● **Exercise goal**:
Below are records that should be duplicated exactly, with no image retained.

>>>>

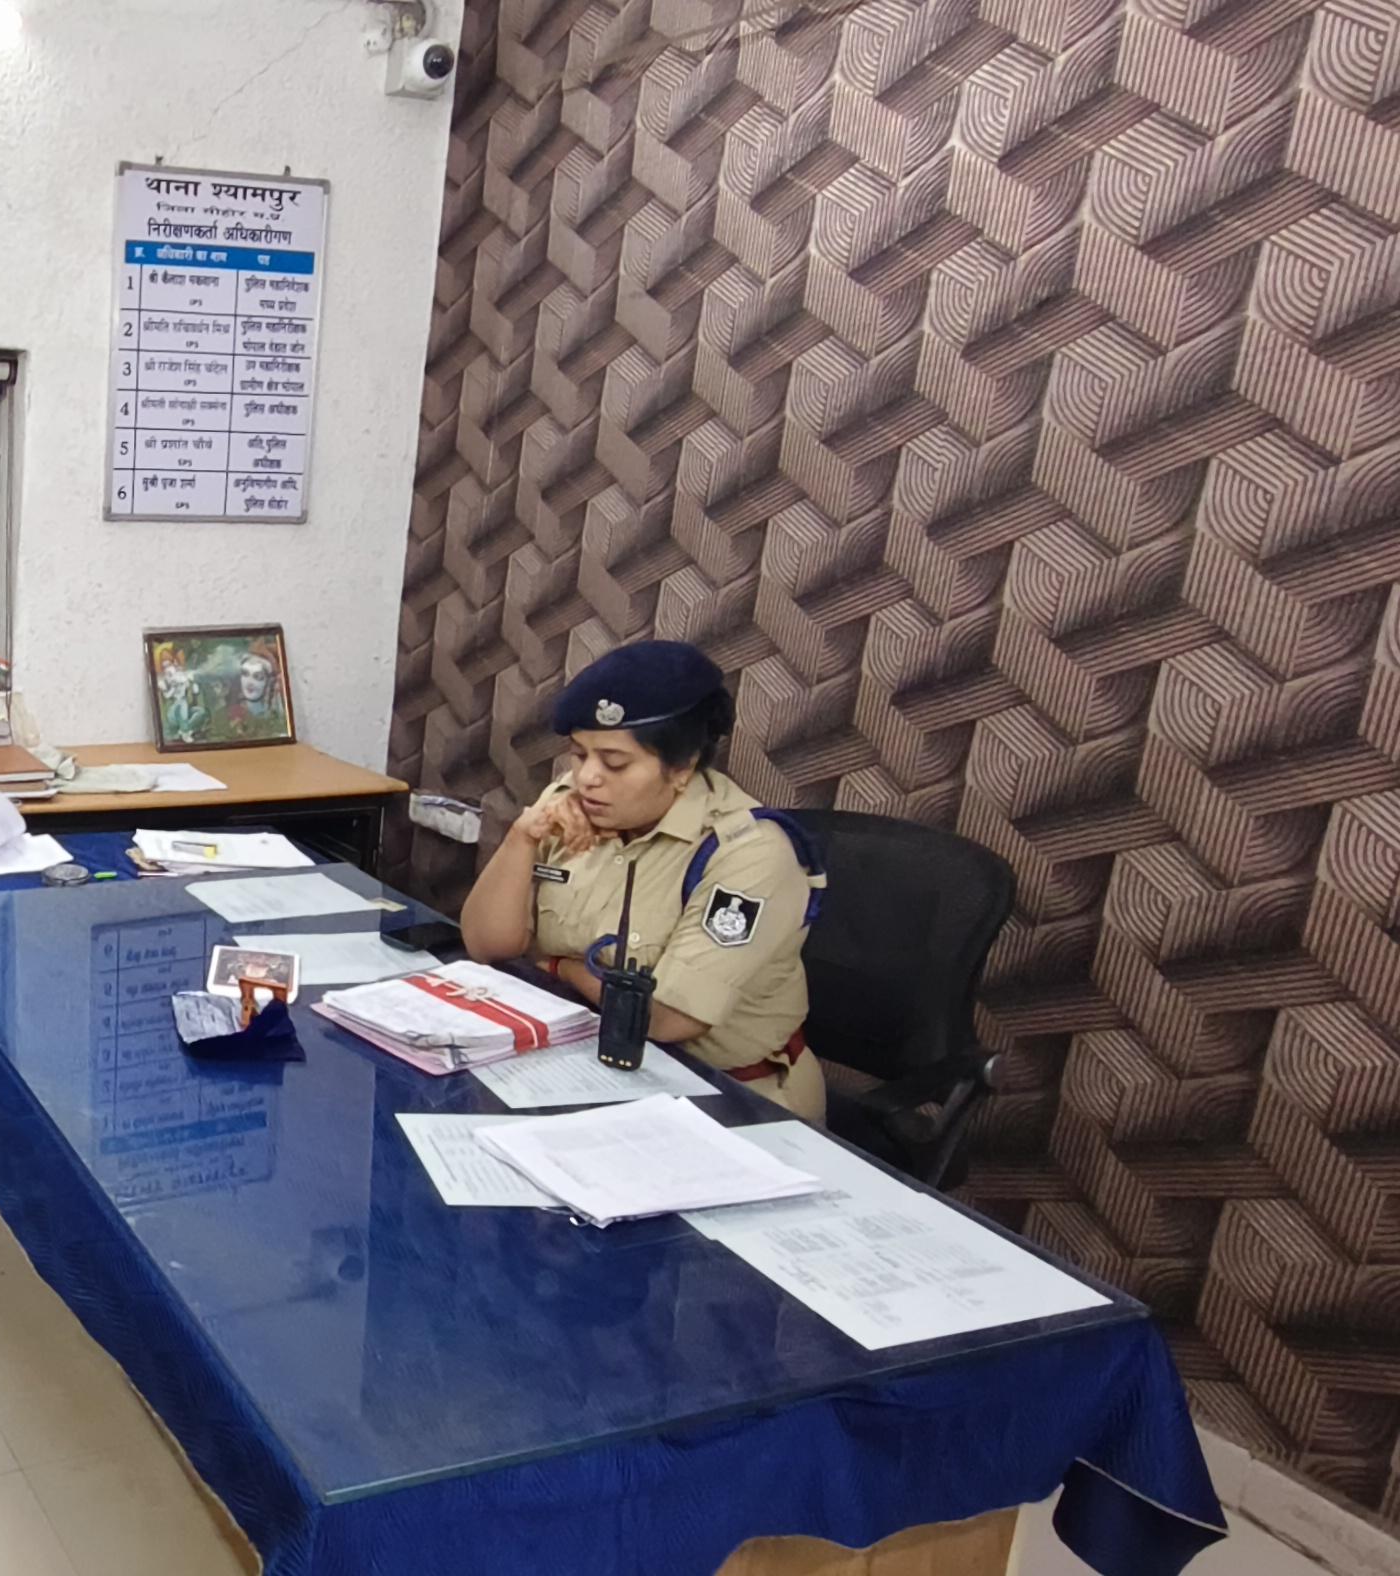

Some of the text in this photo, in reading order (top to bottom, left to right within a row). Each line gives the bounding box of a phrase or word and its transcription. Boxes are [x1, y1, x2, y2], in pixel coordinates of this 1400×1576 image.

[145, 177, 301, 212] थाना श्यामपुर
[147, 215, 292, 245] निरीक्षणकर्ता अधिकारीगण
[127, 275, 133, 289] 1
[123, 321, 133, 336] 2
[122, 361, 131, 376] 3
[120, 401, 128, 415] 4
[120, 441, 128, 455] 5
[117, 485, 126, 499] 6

<<<<

● **Task output**:
Some of the text in this photo, in reading order (top to bottom, left to right within a row). Each line gives the bounding box of a phrase or word and its transcription. Boxes are [x1, y1, x2, y2], in pixel coordinates of this 1400×1576 image.

[145, 177, 301, 212] थाना श्यामपुर
[147, 215, 292, 245] निरीक्षणकर्ता अधिकारीगण
[127, 275, 133, 289] 1
[123, 321, 133, 336] 2
[122, 361, 131, 376] 3
[120, 401, 128, 415] 4
[120, 441, 128, 455] 5
[117, 485, 126, 499] 6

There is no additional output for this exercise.